Ketidaksetujuan sebagian orang Pancor ini diwujudkan dengan meneror para masyayikh, para dosen, para Pengasuh, para siswa, santri, mahasiswa dan thullab Pondok Pesantren Darunnahdlatain NW Pancor yang mendukung hasil Muktamar ke-10 sehingga mereka enggan masuk melaksanakan tugas belajar mengajar. Ketidaksetujuan mereka ini juga diwujudkan dengan membuat kerusuhan di pancor pada tanggal 6,7 dan 24 September 1998.
Dalam kerusuhan ini toko TGH. Mahmud Yasin dirusak dan isinya dijarah atau dibakar, rumah TGH lalu Anas Hasyri di rusak, Drs. Abdurrahman Fajri dan Qoharuddin dianiaya dan dipukul dengan senjata tajam dan lain-lain. Bukan saja kerusuhan yang mereka perbuat bahkan mereka juga merencanakan pembunuhan terhadap pendukung Muktamar Praya. Padahal para pendukung Muktamar Praya dari kalangan masyayikh, dosen dan pengasuh di Pondok Pesantren Darunnahdlatain NW Pancor itu adalah kader-kader NW yang loyal dan taat kepada wasiat Maulana Syaikh.
Dengan demikian, otomatis kondisi pendidikan di Pancor menjadi kocar-kacir dan kacau balau. Nah, untuk menyelamatkan proses pendidikan tersebut maka sejak tanggal 26 Oktober 1998, Ummi Hj. Sitti Raihanun Zainuddin Abdul Madjid selaku Ketua Umum PBNW, putri pendiri Nahdlatul Wathan sekaligus penerima kuasa, beliau memerintahkan seluruh orang-orang yang taat dan loyal kepada wasiat Maulana Syaikh TGKH. Muhammad Zainuddin Abdul Madjid untuk berhijrah ke Kalijaga. Di Kalijagalah tempatnya direncanakan pendirian Pondok Pesantren Syaikh Zainuddin Nahdlatul Wathan.

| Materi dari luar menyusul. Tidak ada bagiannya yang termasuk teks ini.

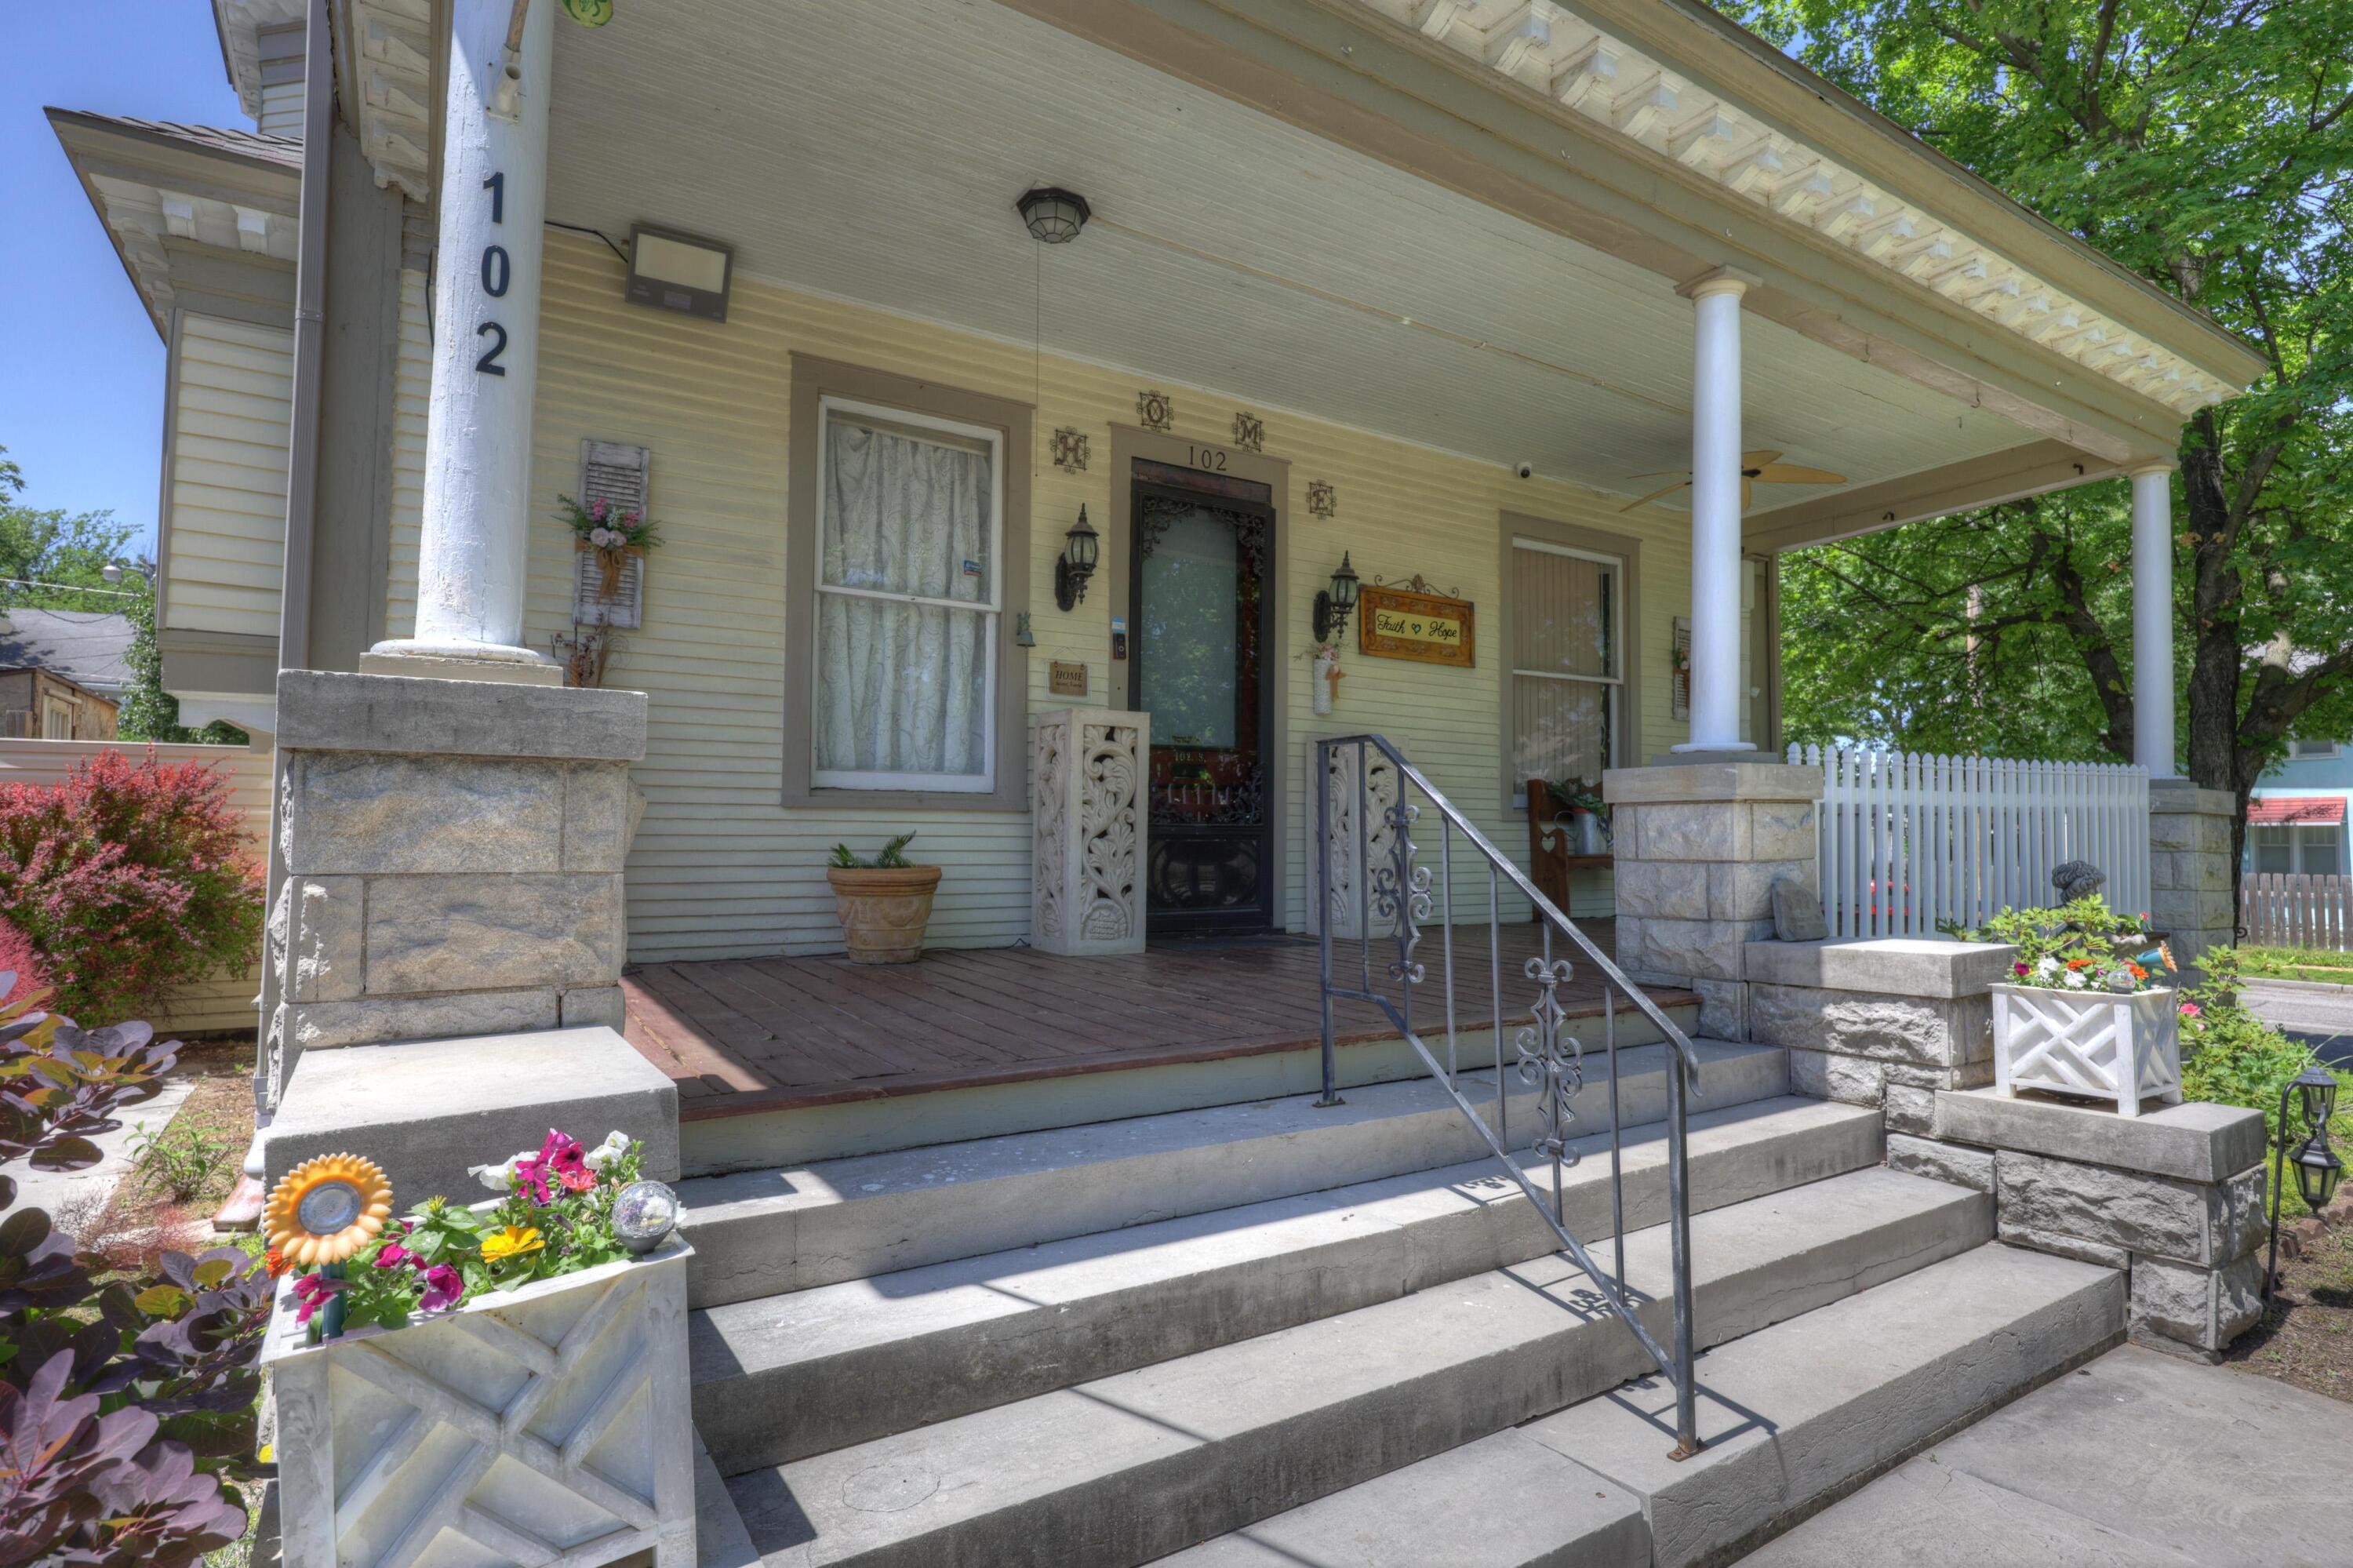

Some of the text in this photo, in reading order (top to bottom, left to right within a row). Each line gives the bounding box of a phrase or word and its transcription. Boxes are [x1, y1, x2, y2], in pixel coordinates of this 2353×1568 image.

[475, 172, 510, 377] 102
[1189, 446, 1227, 471] 102
[1377, 614, 1457, 641] Faith Hope
[1055, 671, 1084, 682] HOME
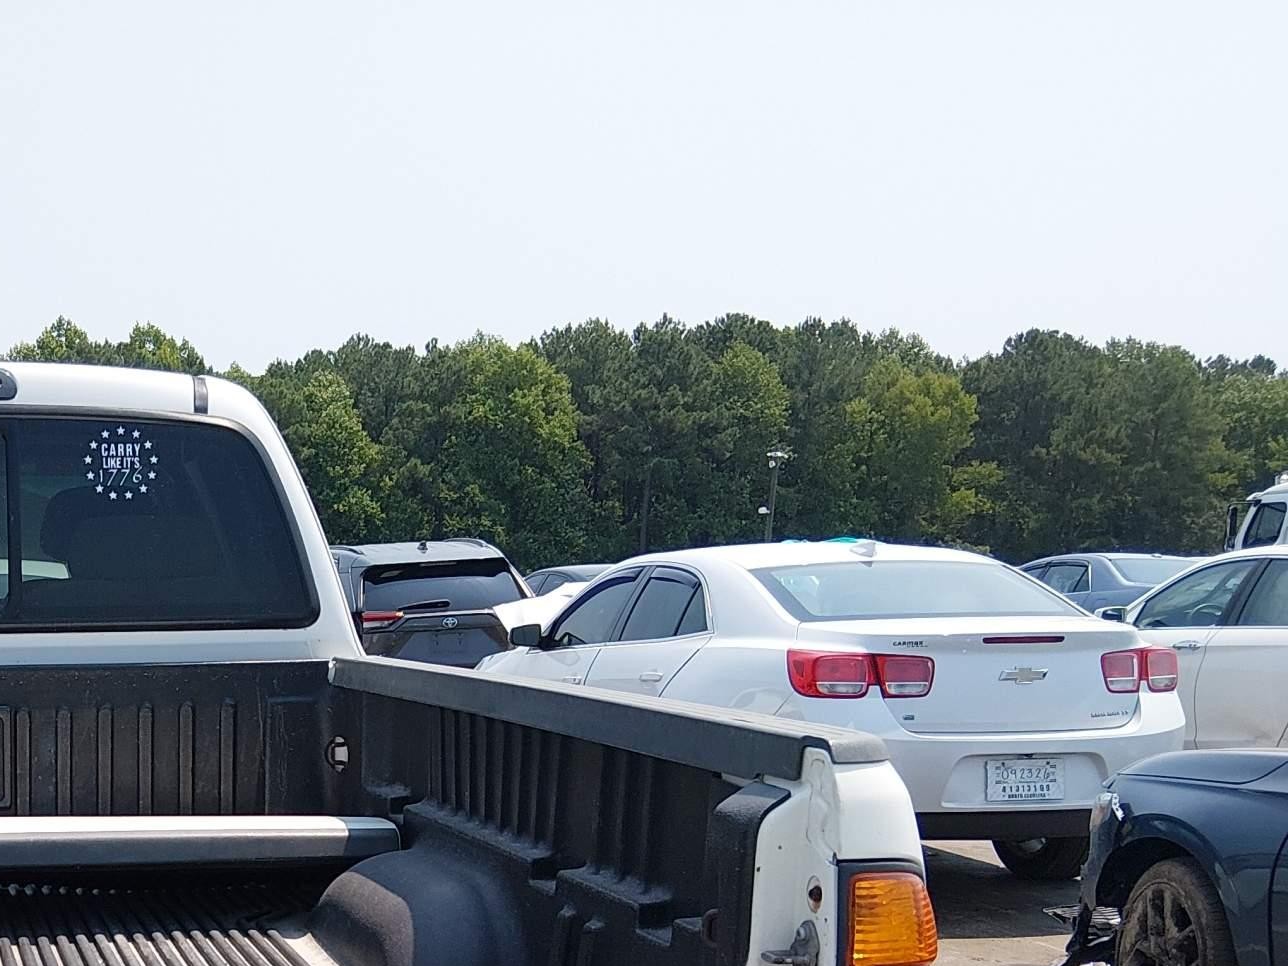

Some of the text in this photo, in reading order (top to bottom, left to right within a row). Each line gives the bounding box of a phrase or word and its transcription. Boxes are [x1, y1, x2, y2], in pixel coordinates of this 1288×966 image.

[101, 443, 141, 457] CARRY
[102, 457, 140, 469] LIKE IT'S
[99, 465, 143, 486] 1776

Setelah 2 tahun 14 hari di Kalijaga maka Ummi Hj. Sitti Raihanun Zainuddin Abdul Madjid memerintahkan untuk berhijrah lagi ke Anjani Kecamatan Suralaga Lombok Timur NTB, Tempat Pembangunan Pondok Pesantren Syaikh Zainuddin Nahdlatul Wathan. Sejak tanggal 1 Muharram 1422 H./26 Maret 2001 M. Insya’Allah sampai akhir zaman pusat kegiatan Organisasi Nahdlatul Wathan adalah Anjani Kecamatan Suralaga Lombok Timur dan pusat perguruan Nahdlatul Wathan adalah Pondok Pesantren Syaikh Zainuddin NW Anjani Lombok Timur. Di Pondok Pesantren inilah tempat berkumpulnya para tuan guru dan tokoh Nahdaltul Wathan yang taat pada wasiat Maulana Sayaikh yang sekaligus merupakan kepercayaan beliau pada saat masih hayat. Sehubungan dengan itu, telah dikenang oleh warga Nahdlatul Wathan bahwa Kalijaga adalah Quba’ Nahdlatul Wathan dan Anjani adalah Madinah Nahdlatul Wathan.
Dengan demikian, sejak adanya hijrah dalam organisasi Nahdlatul Wathan maka Pancor bukan lagi menjadi pusat Nahdlatul Wathan karena sudah dipindahkan ke Anjani.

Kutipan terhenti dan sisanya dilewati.